=== Section Start ===

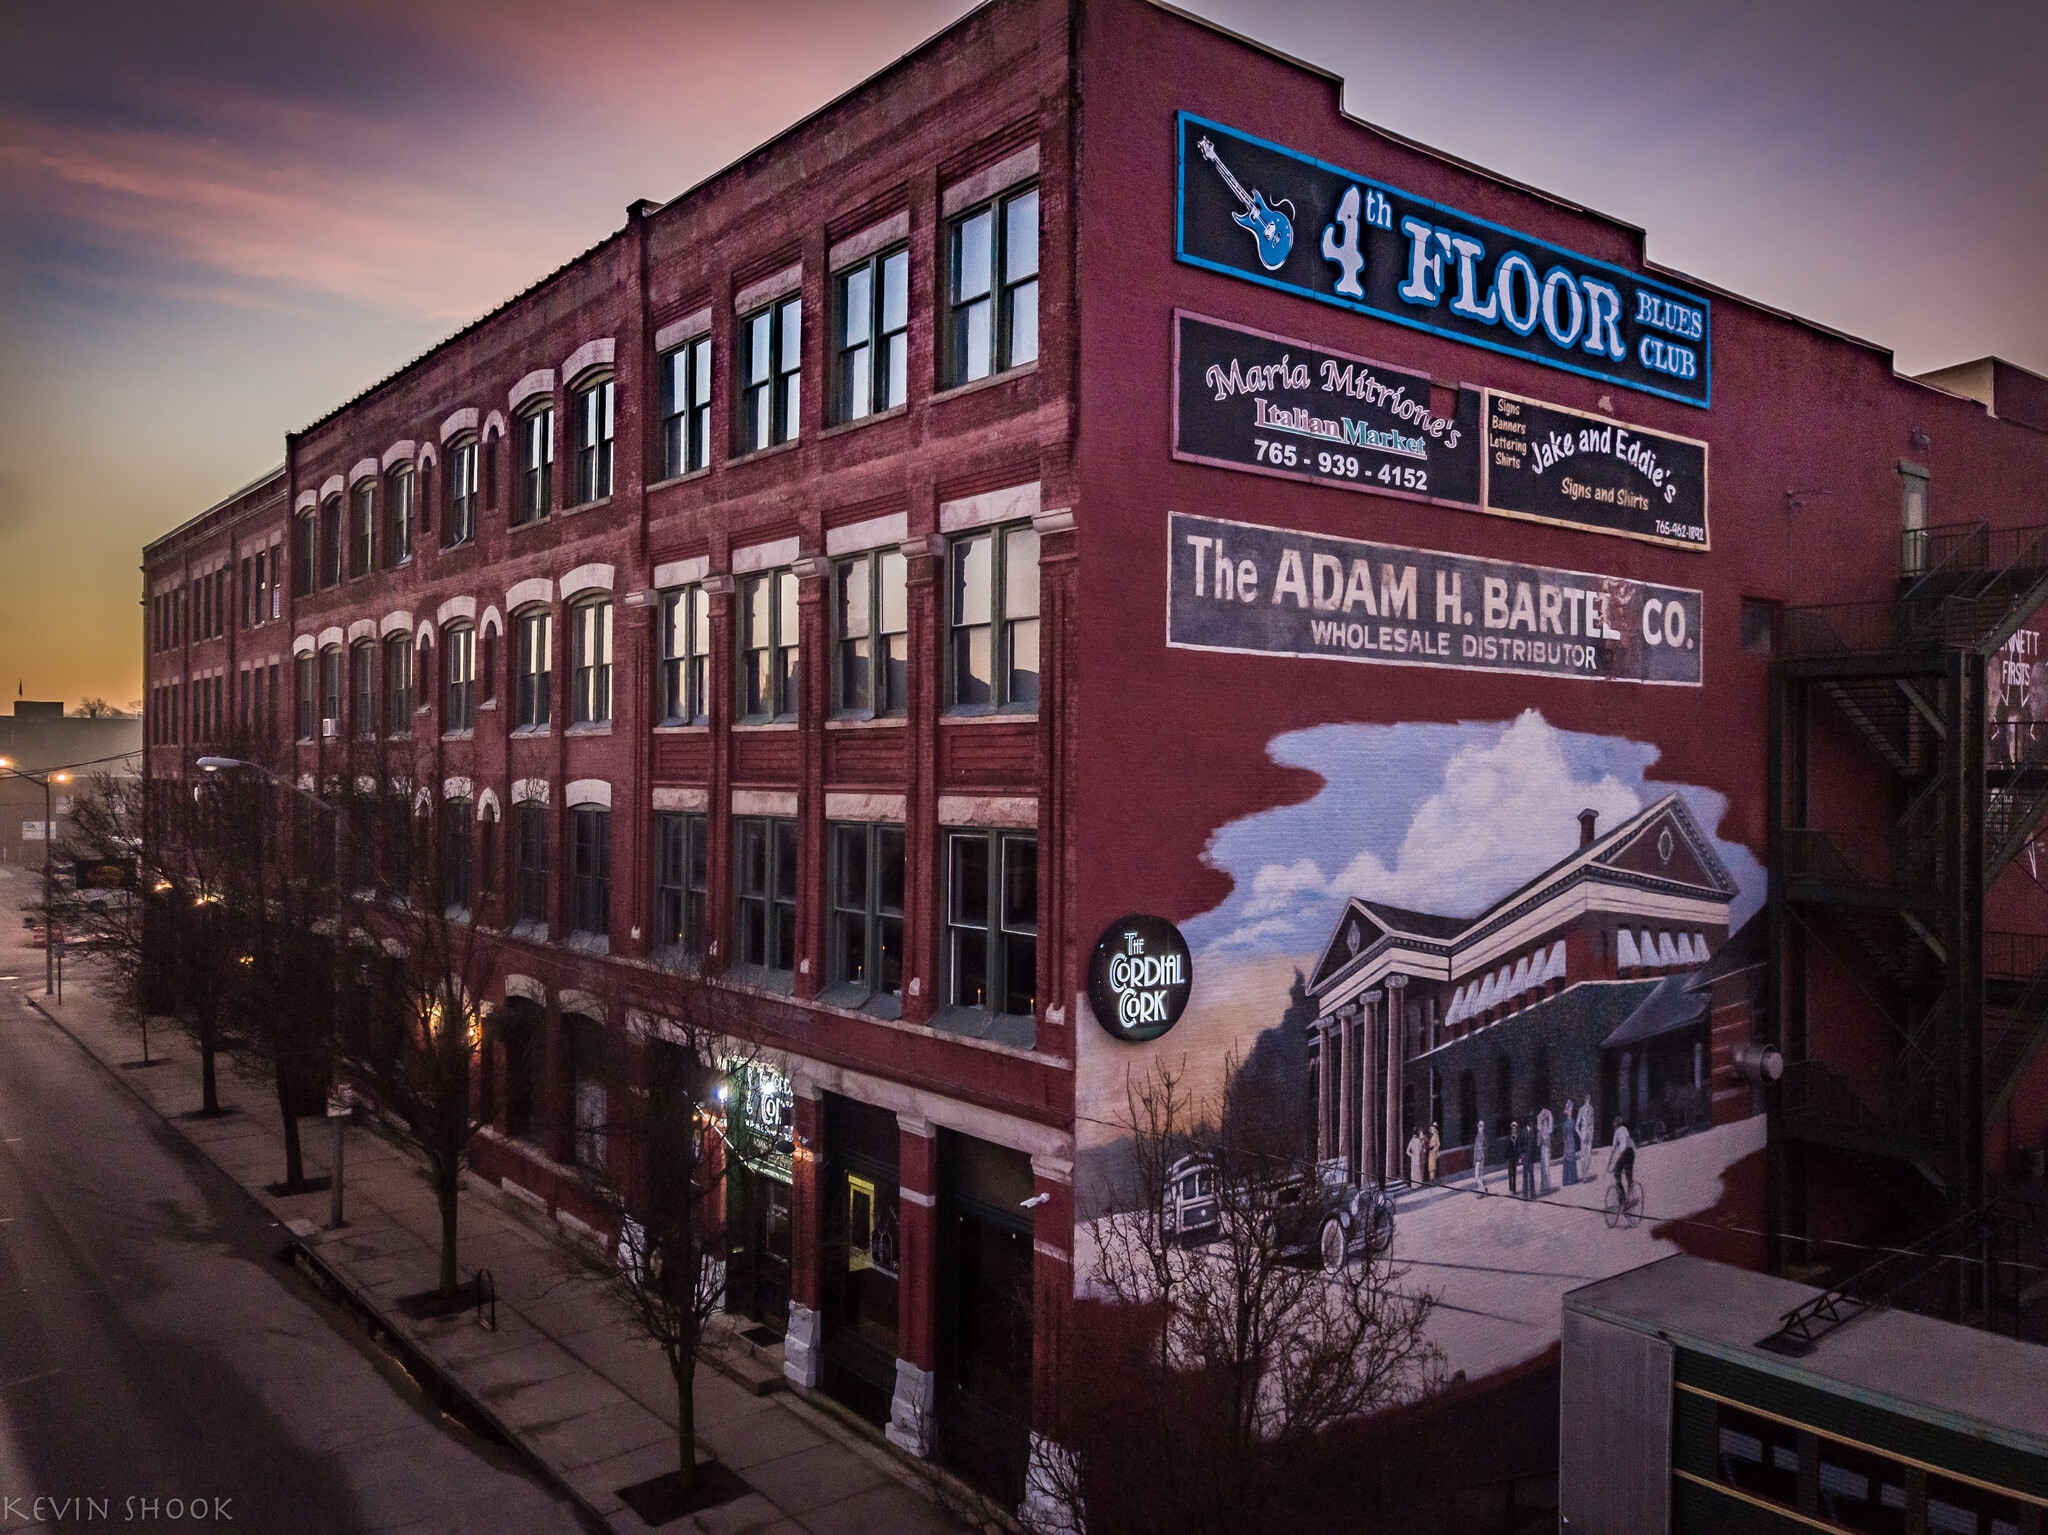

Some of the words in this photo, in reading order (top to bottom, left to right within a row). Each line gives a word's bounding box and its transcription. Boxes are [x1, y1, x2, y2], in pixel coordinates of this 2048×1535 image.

[1321, 185, 1392, 298] 4th
[1401, 217, 1625, 359] FLOOR
[1635, 290, 1702, 339] BLUES
[1640, 336, 1696, 378] CLUB
[1205, 354, 1311, 401] Maria
[1320, 359, 1462, 450] Mitrione's
[1497, 399, 1520, 416] Signs
[1254, 398, 1340, 437] Italian
[1341, 416, 1426, 456] Market
[1489, 434, 1527, 456] Lettering
[1491, 415, 1526, 434] Banners
[1495, 451, 1521, 469] Shirts
[1531, 431, 1574, 475] Jake
[1579, 426, 1611, 455] and
[1615, 429, 1677, 504] Eddie's
[1561, 477, 1592, 501] Signs
[1594, 487, 1614, 504] and
[1616, 488, 1649, 511] Shirts
[1655, 519, 1705, 541] 765-962-1892
[1187, 534, 1258, 603] The
[1271, 548, 1418, 620] ADAM
[1436, 569, 1473, 626] H.
[1642, 597, 1694, 650] CO.
[1310, 619, 1451, 657] WHOLESALE
[1462, 633, 1597, 670] DISTRIBUTOR
[2002, 660, 2031, 687] FIRSTS
[1109, 952, 1185, 993] CORDIAL
[1119, 987, 1168, 1028] CORK

=== Section End ===

[Directions]:
What you return should match the records above word for word, minus the pictures.

[Output for this task]:
Some of the words in this photo, in reading order (top to bottom, left to right within a row). Each line gives a word's bounding box and its transcription. Boxes are [x1, y1, x2, y2], in pixel coordinates of this 2048×1535 image.

[1321, 185, 1392, 298] 4th
[1401, 217, 1625, 359] FLOOR
[1635, 290, 1702, 339] BLUES
[1640, 336, 1696, 378] CLUB
[1205, 354, 1311, 401] Maria
[1320, 359, 1462, 450] Mitrione's
[1497, 399, 1520, 416] Signs
[1254, 398, 1340, 437] Italian
[1341, 416, 1426, 456] Market
[1489, 434, 1527, 456] Lettering
[1491, 415, 1526, 434] Banners
[1495, 451, 1521, 469] Shirts
[1531, 431, 1574, 475] Jake
[1579, 426, 1611, 455] and
[1615, 429, 1677, 504] Eddie's
[1561, 477, 1592, 501] Signs
[1594, 487, 1614, 504] and
[1616, 488, 1649, 511] Shirts
[1655, 519, 1705, 541] 765-962-1892
[1187, 534, 1258, 603] The
[1271, 548, 1418, 620] ADAM
[1436, 569, 1473, 626] H.
[1642, 597, 1694, 650] CO.
[1310, 619, 1451, 657] WHOLESALE
[1462, 633, 1597, 670] DISTRIBUTOR
[2002, 660, 2031, 687] FIRSTS
[1109, 952, 1185, 993] CORDIAL
[1119, 987, 1168, 1028] CORK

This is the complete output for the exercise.